━━ PROVIDED INFORMATION
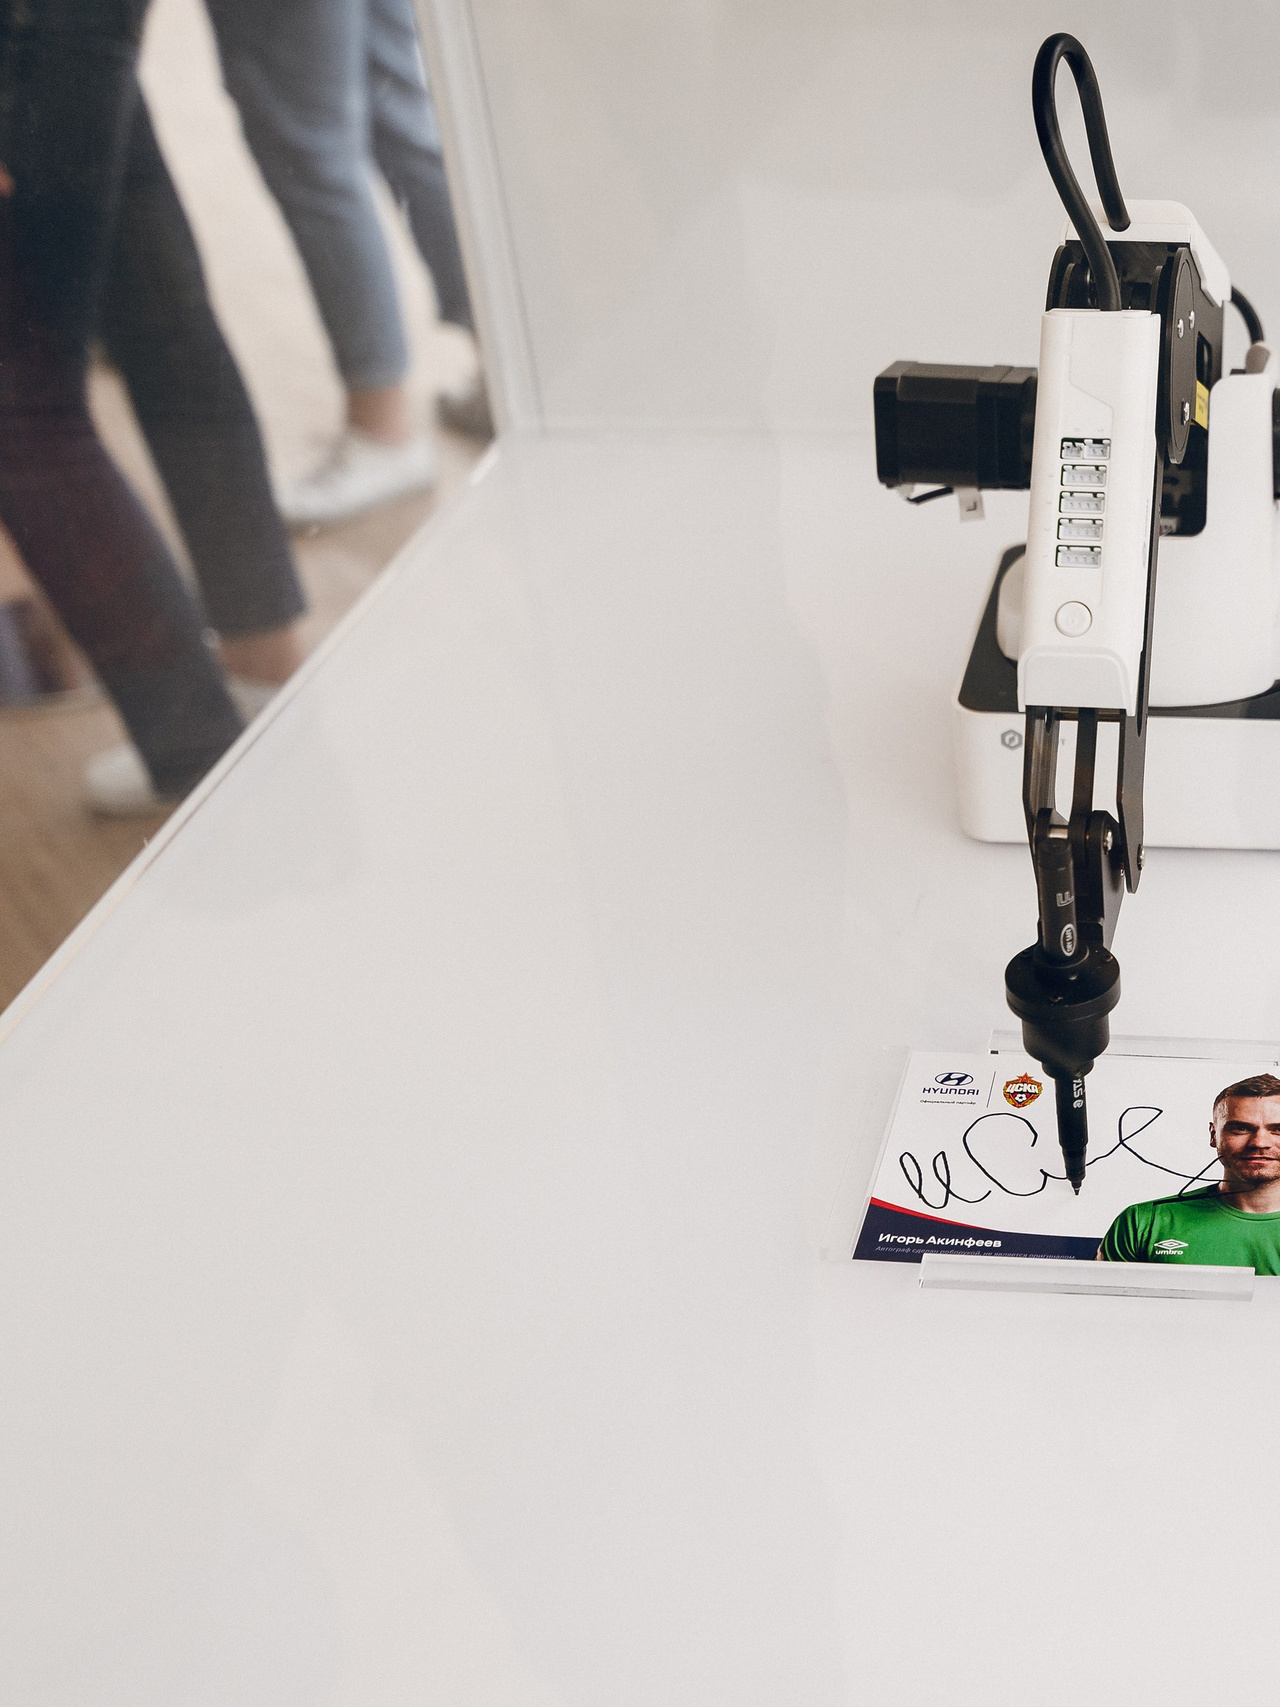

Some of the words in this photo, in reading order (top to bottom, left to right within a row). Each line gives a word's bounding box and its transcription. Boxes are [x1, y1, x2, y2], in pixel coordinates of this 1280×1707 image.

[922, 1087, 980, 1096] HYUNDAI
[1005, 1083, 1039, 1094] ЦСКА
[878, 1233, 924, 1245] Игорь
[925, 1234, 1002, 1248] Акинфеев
━━━━
ACTIVITY: Repeat the records exactly but leave out the images.

THE COMPLETED TASK:
Some of the words in this photo, in reading order (top to bottom, left to right within a row). Each line gives a word's bounding box and its transcription. Boxes are [x1, y1, x2, y2], in pixel coordinates of this 1280×1707 image.

[922, 1087, 980, 1096] HYUNDAI
[1005, 1083, 1039, 1094] ЦСКА
[878, 1233, 924, 1245] Игорь
[925, 1234, 1002, 1248] Акинфеев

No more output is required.